In the 19th century, artificial fibers were created and Nylon was the first real man-made fiber. It was used commonly in women’s stockings. Since then a great number of synthetic fibers were introduce because of scientific development.

What are man-made or synthetic fibers?

Fibers made from chemicals holding superior properties than silk or cotton can be defined as artificial fibers. Synthetic materials are designed from a blend of organic and chemicals or only inorganic products. Some of them are resilient and durable, while a few dry quickly in comparison. Several fibers are more absorbent, so easy to dye. You can see excellent collections at on SarahGoodyears merchandise website. You will get branded different kinds of fabric samples.

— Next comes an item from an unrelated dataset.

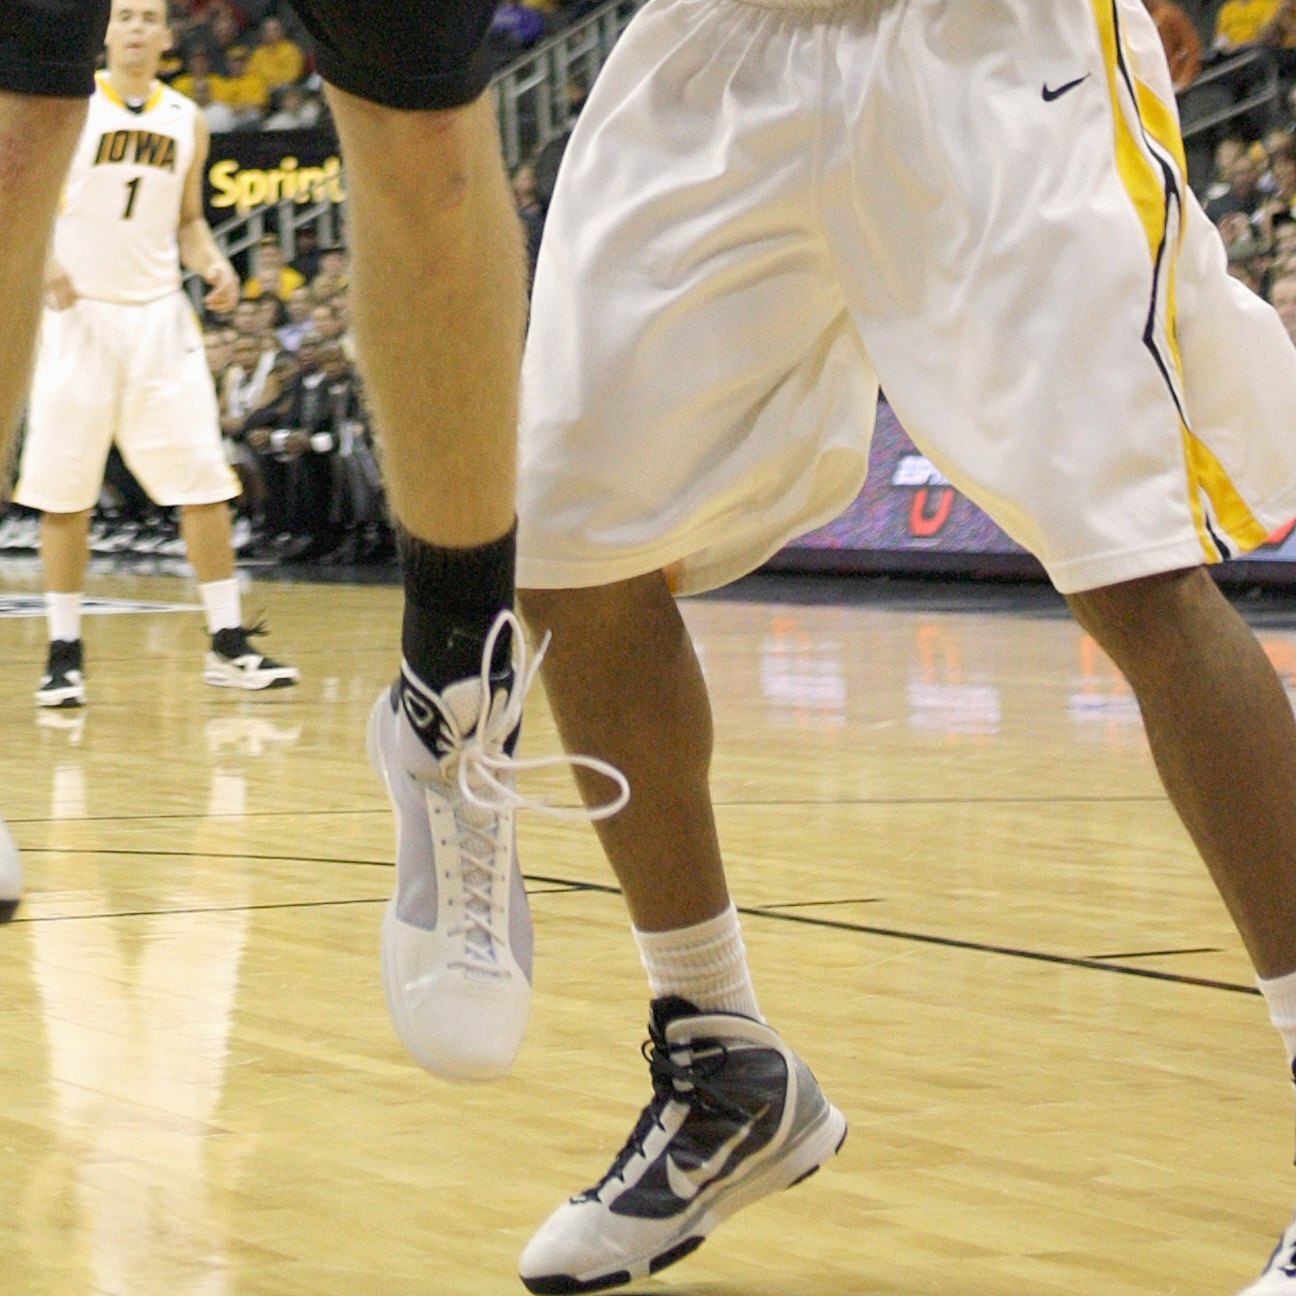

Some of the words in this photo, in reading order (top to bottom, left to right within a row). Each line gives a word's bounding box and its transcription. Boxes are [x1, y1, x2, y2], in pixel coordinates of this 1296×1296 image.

[92, 129, 177, 174] IOWA
[121, 175, 143, 222] 1
[208, 155, 346, 216] Sprint

Silk, cotton, linen and wool are common natural fibers used to design clothes. They have a soft and luxurious texture, which is easily replicated and blended to a level, where plenty of customers switched to artificial fibers rather than go natural. Let’s learn some basic information related to a variety of common man-made fabrics. This will help in making good clothes buying decision.

NYLON is flexible

In 1935, Dupont introduced nylon and it quickly replaced silk because it was the moment of World War II and there was shortage of silk material. Soon, the garment industry adapted synthetic fabrics as it was easily accessible. Plastic yarn strands are used to make nylon fabric. Nylon chips are melted and the liquid is forced into a nozzle with fine holes called spinneret. The liquid emerging from holes is instantly cooled down and turned into solid tiny threads, which are woven together for making nylon material.

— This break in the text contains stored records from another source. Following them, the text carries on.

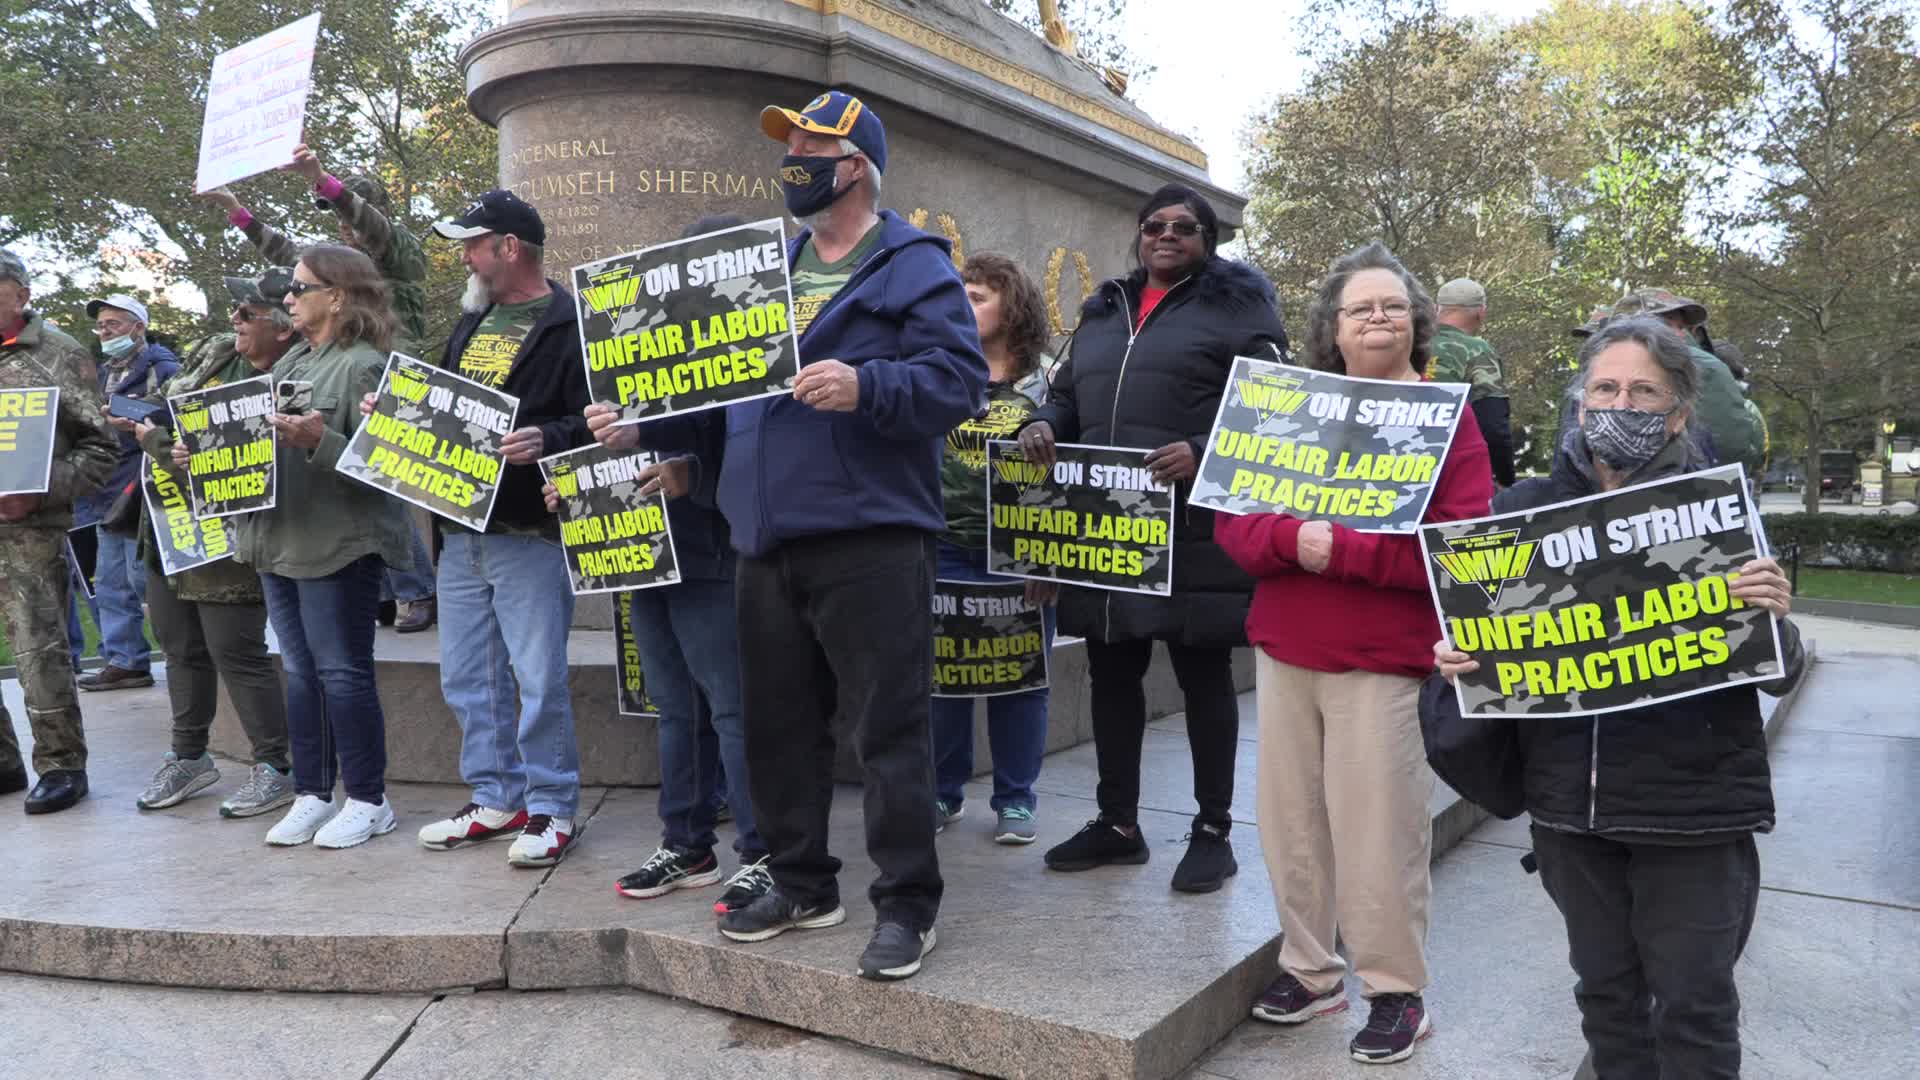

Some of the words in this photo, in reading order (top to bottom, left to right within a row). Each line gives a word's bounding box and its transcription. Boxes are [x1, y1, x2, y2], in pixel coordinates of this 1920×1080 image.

[522, 138, 616, 164] GENERAL
[645, 263, 680, 296] ON
[687, 242, 781, 287] STRIKE
[495, 342, 520, 354] ONE
[588, 324, 686, 372] UNFAIR
[691, 302, 788, 349] LABOR
[616, 347, 767, 406] PRACTICES
[0, 391, 49, 418] RE
[210, 402, 230, 425] ON
[230, 392, 272, 421] STRIKE
[429, 386, 454, 413] ON
[454, 396, 511, 435] STRIKE
[1000, 406, 1030, 419] ONE
[1309, 392, 1350, 422] ON
[1356, 400, 1456, 427] STRIKE
[191, 447, 234, 476] UNFAIR
[235, 438, 273, 468] LABOR
[366, 411, 437, 458] UNFAIR
[437, 439, 499, 485] LABOR
[1215, 429, 1329, 477] UNFAIR
[1335, 452, 1437, 484] LABOR
[204, 471, 265, 503] PRACTICES
[367, 446, 476, 508] PRACTICES
[577, 466, 595, 491] ON
[1054, 462, 1083, 485] ON
[1229, 469, 1397, 518] PRACTICES
[152, 464, 197, 551] ACTICES
[562, 516, 605, 546] UNFAIR
[604, 505, 665, 540] LABOR
[994, 504, 1078, 536] UNFAIR
[1085, 513, 1168, 545] LABOR
[200, 518, 228, 558] BOR
[1542, 526, 1597, 568] ON
[1606, 494, 1745, 554] STRIKE
[577, 543, 655, 577] PRACTICES
[1014, 538, 1143, 576] PRACTICES
[1435, 543, 1534, 583] UMWA
[932, 594, 957, 616] ON
[963, 632, 1041, 659] LABOR
[1450, 602, 1606, 652] UNFAIR
[933, 660, 1023, 686] ACTICES
[1496, 627, 1729, 696] PRACTICES

Nylon fabric is very sensitive to heat, so needs to be washed as well as dried in cool settings. You can hang it dry outdoors because of its rapid drying properties. It is wrinkle-resistant as well as used in making upholstery, satins, tricots, knits, and chiffons.

RAYON is unusual

It is not totally artificial because cellulose occurring in nature is used. It is regarded as man-made fiber because extensive processing is needed to regenerate cellulose into rayon. It was developed in the year 1880 as a cheap alternative for silk. In 1920, Dupont acquired processing rights of rayon and churned yarns of this versatile and inexpensive fabric. Rayon is durable and is used in producing synthetic clothing. It is very absorbent, stretchy, and easy to dye. It drapes just like silk and need dry-cleaning. If not handled carefully, it tends to stretch or shrink. Rayon is blended with other fibers to imitate cotton, linen, and silk.

POLYESTER is mighty

Polyester has multiple variations but most popular is PET or polyethylene terephthalate. It was also discovered in DuPont’s laboratory in late 1930s. Plastic is heated and passed through spinnerets. Fibers are stretched 5 times their actual length then blended into yarn and weaved or knitted to make polyester fabric. Its profound durability has made polyester very popular. It maintains its shape, hardly suffers from wrinkling, shrinking, or stretching and resists to most chemicals. It is hydrophobic, so washing and drying polyester clothes is easy. Often used in blends and lining fabrics.

SPANDEX is stretchable

Spandex can be expanded up to 600% but it easily springs back into its original form. It is lightweight and suitable for designing sports apparel. Obviously, overtime the fabric gets exhausted due to wear and tear. Polyurethane is used in making spandex, which is the reason it holds elastic qualities. Prepolymers is the backbone of spandex fiber. There are stabilizers used to protect polymers integrity. Bathing suits, cycling pants, wetsuits, and surgical compression garments are designed from spandex due to its wick moisture ability. Spandex is a great option to bulkier natural fibers.

ACRYLIC is woolly

Woolly does not mean the fibers are resourced from animal shearing. It is pure man-made and imitates wool characteristics. The fiber includes acrylonitrile and comonomer. The latter is included to enhance its textile process-ability and dye-ability. The fabric is materialized using dry and wet spinning.

Sweaters and socks are knitted using acrylic fabric. The material is very soft, lightweight and great substitute for wool. Acrylic fabric even makes the softest cashmere in comparison.

ACETATE is luxurious

Acetate fabric is spun with cellulose filament extracted from wood pulp. Often, it is blended with wool, cotton or silk to reinforce the fabric. Acetate is preferred because of its elegant feel, high luster and ability to drape naturally. It is shrink-mildew resistant and dries quickly.